Have you ever seen a person in a desperate situation and not known what to do or how you could help? Perhaps you’ve seen a homeless person shivering with cold on the streets while other people just seem to pass by?
It was the middle of December in the Ukrainian city of Dnipro and the temperature was several degrees below zero. Walking down a busy street, I (Joshua) saw gangs of homeless men and women shivering in huddles in filthy porches of ugly derelict buildings, swigging vodka from a dirty glass bottle.
At the other end of the street, I could see young teenagers, clearly intoxicated, wandering hopelessly and menacingly around the dark side alleys. Some of them were sniffing glue under the dubious cover of a tattered canvas.
The next day, I visited a home for disabled people, where I saw human beings living in cramped, undignified, unhealthy conditions that were so appalling that we would have been ashamed to house a dangerous wild animal in such rooms.
While I was in Ukraine, I witnessed levels of poverty that I had scarcely even thought were possible. According to the United Nations, there are currently around 2.8 million people in Ukraine who are living with serious disabilities. Of these, about 60% live below the poverty line in degrading and dehumanising conditions. Abandoned by their families and ignored by the state, many disabled people in Ukraine suffer not only physical hardship, but also the indignity of having to live without human contact.
That was back in 2011, when I first visited Ukraine. Now the situation in Ukraine has become even worse. In 2015, Ukraine was invaded by the Russian army, resulting in the loss of tens of thousands of lives. As a result of the war, the infrastructure of healthcare and social support system in parts of Eastern Ukraine has virtually collapsed.
Thousands of people have been left without any support from the state, which cannot cope with the overwhelming extent of human need. As a result, many people, particularly the elderly and disabled, in the severe Ukrainian winter literally freeze to death every year in their own homes, simply because they cannot afford to pay their fuel bills, and they have no-one who gives them a second thought.
Yet amid the sad situation, I have seen green shoots of hope springing up in many surprising and unexpected places. I’ve witnessed heroic people doing what they could to help. These helpers were Christians who believed that God loves everyone and applied this practically by doing amazing things to alleviate suffering and to provide for those who had nothing.
The quiet and unassuming manner in which ordinary people were doing the this work of the gospel with absolutely no thought of earthly reward made a lasting impression on me. There are people doing heroic work that goes completely unnoticed. We never hear about these people in the news or read about them in the papers, but these are the people who are building God’s Kingdom of compassion in Ukraine.

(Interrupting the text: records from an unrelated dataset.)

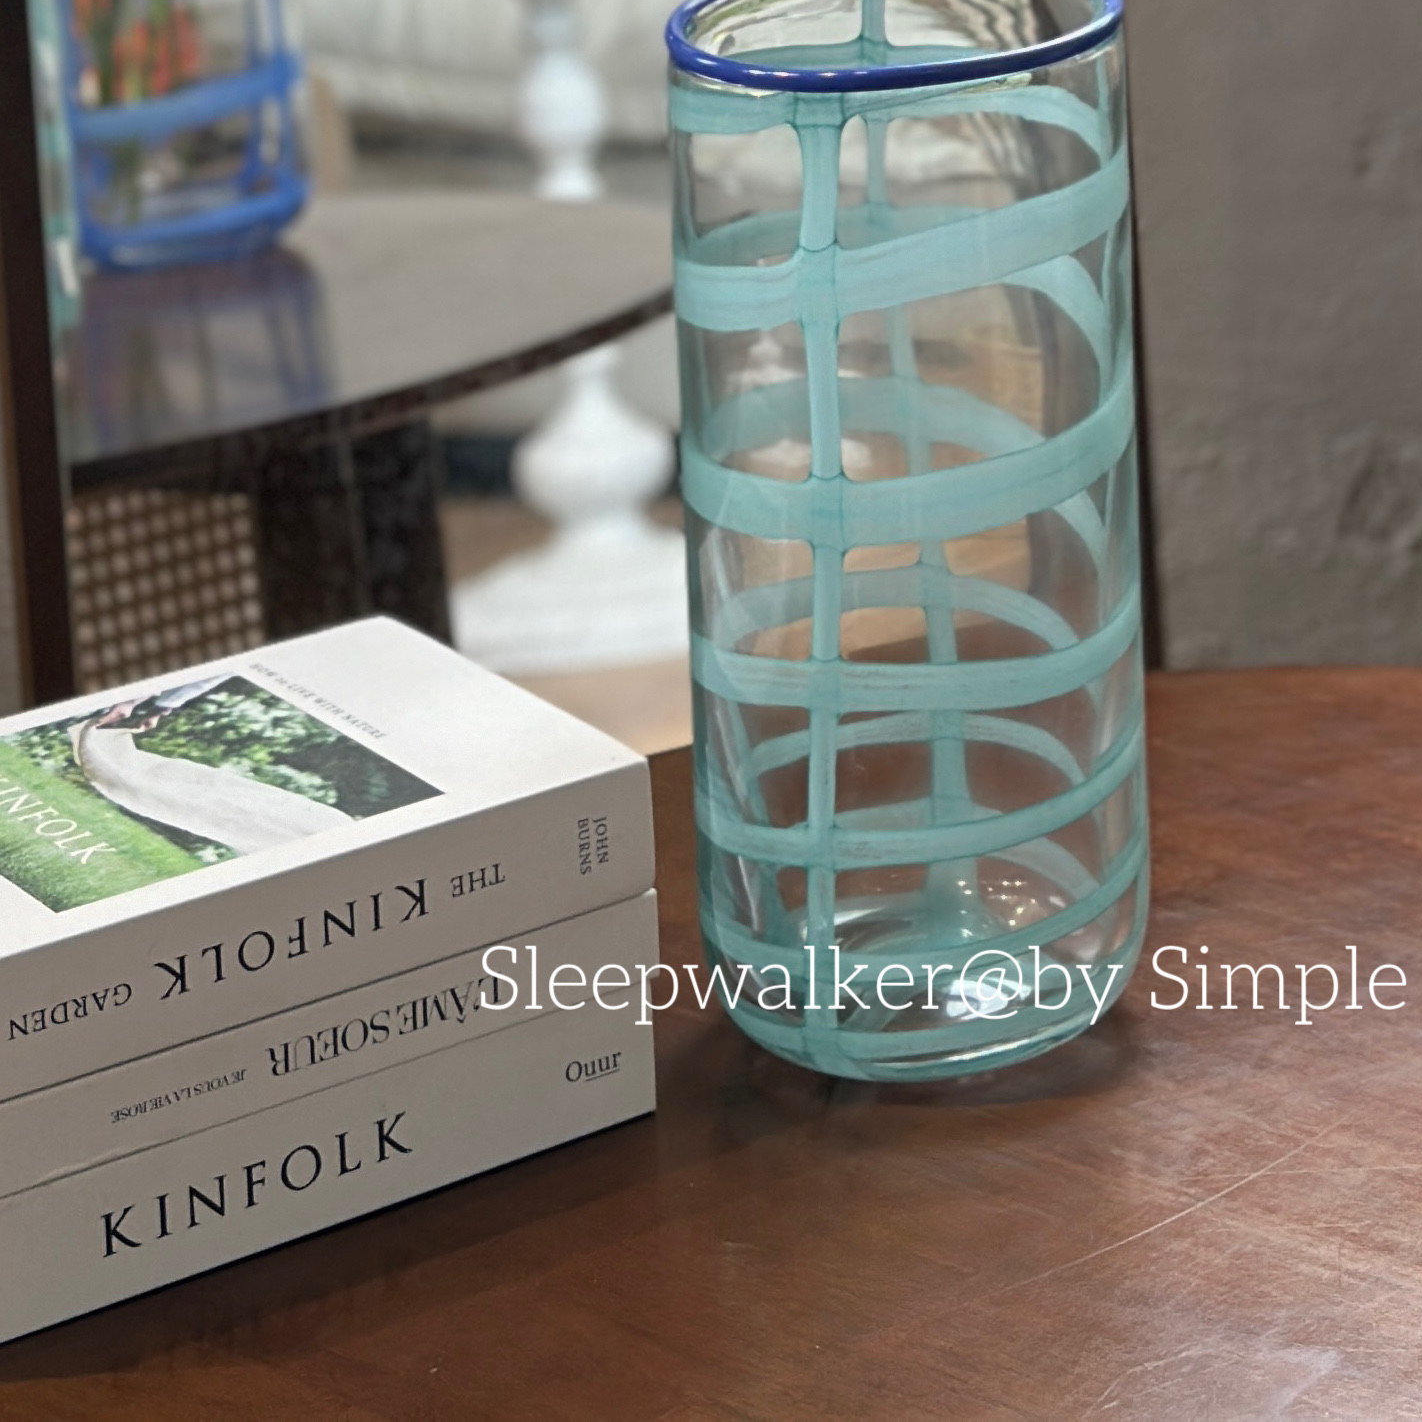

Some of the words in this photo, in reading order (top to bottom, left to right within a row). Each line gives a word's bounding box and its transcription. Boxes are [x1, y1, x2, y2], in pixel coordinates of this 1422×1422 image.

[287, 683, 317, 699] LIVE
[314, 696, 345, 715] WITH
[342, 713, 389, 739] NATURE
[0, 777, 117, 865] INFOLK
[577, 818, 592, 875] BURNS
[591, 816, 609, 864] JOHN
[450, 862, 506, 898] THE
[154, 878, 430, 1001] KINFOLK
[8, 982, 133, 1041] GARDEN
[265, 1009, 391, 1077] SOEUR
[565, 1051, 622, 1082] Ouur
[110, 1101, 148, 1124] ROSE
[174, 1086, 192, 1103] LA
[100, 1111, 413, 1258] KINFOLK

I am convinced that were it not for the presence of heroic yet ordinary Christians in this region, the whole of Eastern Ukraine would descend into complete chaos. I saw men and women of faith planting gospel seeds of faith, hope and compassion in the way that they serve their communities. It was a privilege to serve alongside these faithful servants and to learn from them about what it means to minister in Christ’s name to the poorest and most marginalised people – the people that the world has forgotten about, but who are especially close to God’s heart.
Aiming to respond to the suffering we witnessed in Eastern Ukraine and to empower these faithful Christian people in Ukraine, a group of friends came together to establish a new UK-based charity, Dnipro Hope Mission, in 2016. Since that time, our mission has developed as our relationships have deepened and expanded across several locations.

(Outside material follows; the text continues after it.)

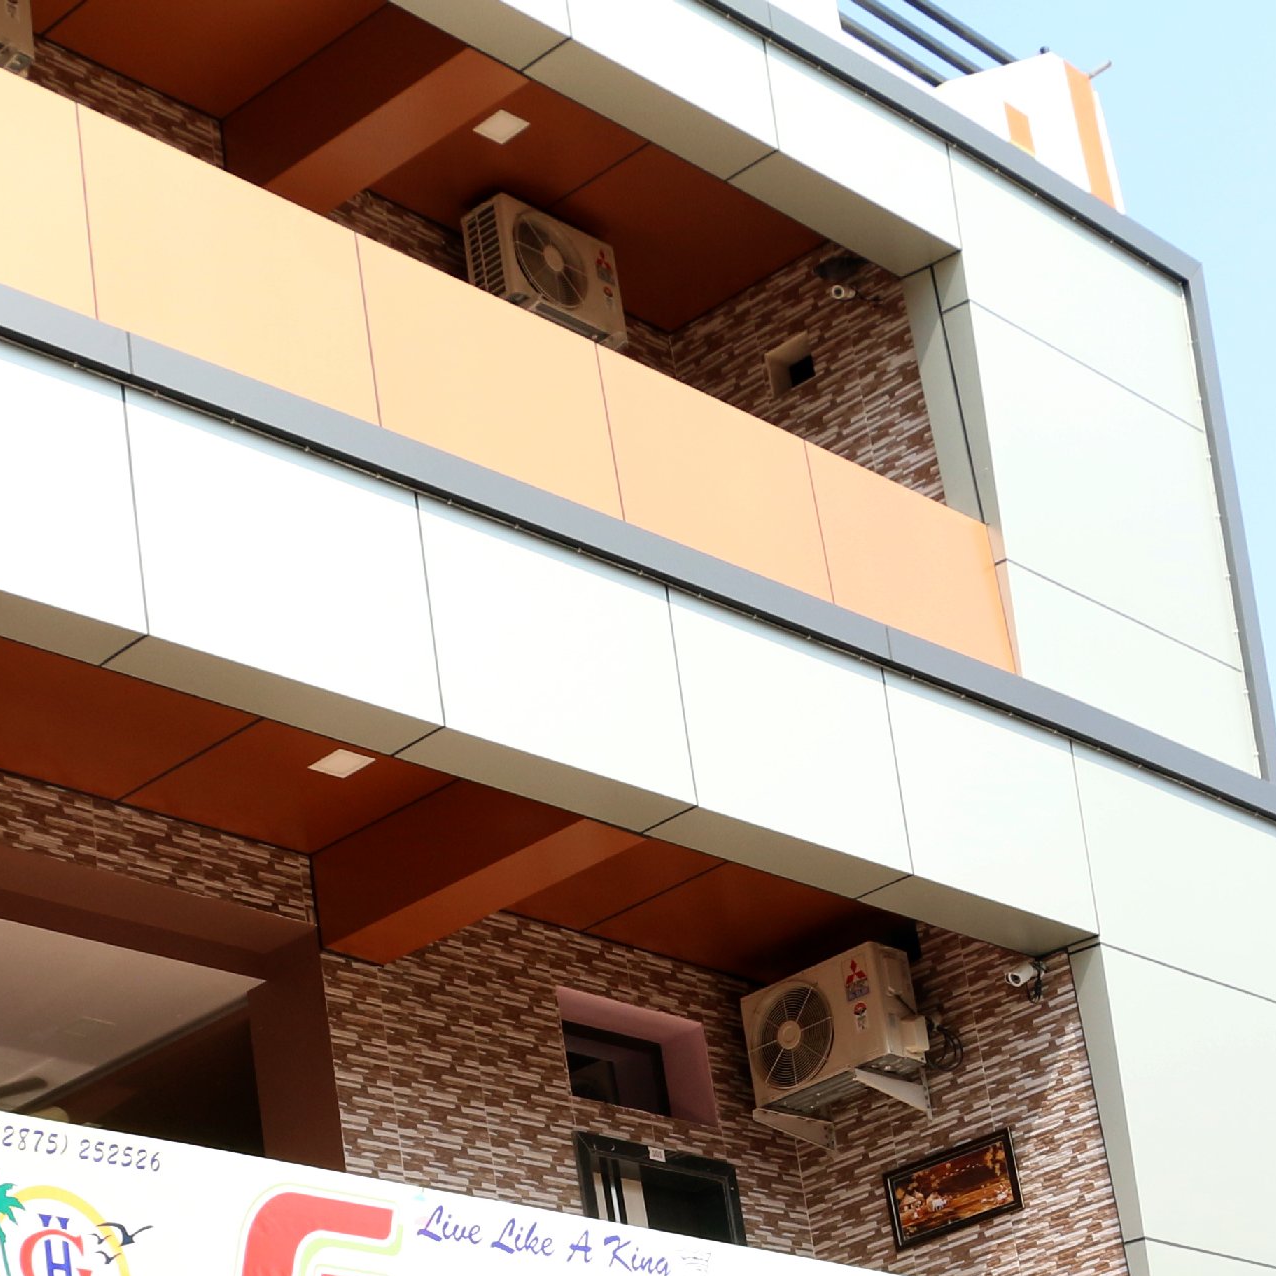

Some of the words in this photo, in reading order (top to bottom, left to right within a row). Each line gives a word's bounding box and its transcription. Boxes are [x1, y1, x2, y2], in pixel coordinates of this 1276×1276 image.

[78, 1137, 162, 1172] 252526
[417, 1204, 482, 1244] Live
[491, 1218, 554, 1256] Like
[567, 1231, 593, 1262] A

The mission is to support and empower local churches in Eastern Ukraine and empower local Christians by working in partnership with them to bring real, life-saving, life-enhancing, life-dignifying transformation to their communities. We work this way because it is through local and long-term relationships that trust is built and good lasting change is enabled. Our partners in the local communities in Eastern Ukraine know the people and their needs. By equipping local churches with whom were are in close relationship, we are able to limit administrative overhead expenses and ensure that the aid and financial support we give go directly to each partnership project.
Our vision is to establish hubs throughout strategic locations in Ukraine in order to create networks and partnerships – both among Ukrainian churches and between UK and Ukrainian churches. Our main strategic priority in the coming years is to build community and a places of warmth (literally and metaphorically) and hospitality; to build communities in which people can congregate to pray and worship freely as a “church without walls”; and places where people can hear and learn about the Good News of Jesus Christ and receive unconditional respect and acceptance.
With a particular focus on people living with disabilities, our aim is to create safe spaces where disabled people are welcomed as equals and participate fully in the life of the community and live with dignity.
We see these community hubs, which we call “Houses of Hope”, as a Spirit-led, God-honouring way of expressing the gospel in the poverty-stricken, war-torn region of Eastern Ukraine. In everything we do, we strive to be true to the Christian humanitarian values of compassion and hospitality because our Scripture shows that wherever God’s Spirit is at work, he brings restoration and reconciliation to life.
Our prayer is that we would play our part, responding to God’s love and testifying to the transforming power of the gospel by providing a prophetic and pastoral alternative way for living in Christian community, which stands in stark contrast to the neglect and dehumanising conditions of Ukrainian society, which continues to be cursed by the legacy of communism, even 30 years after the demise of the Soviet Union.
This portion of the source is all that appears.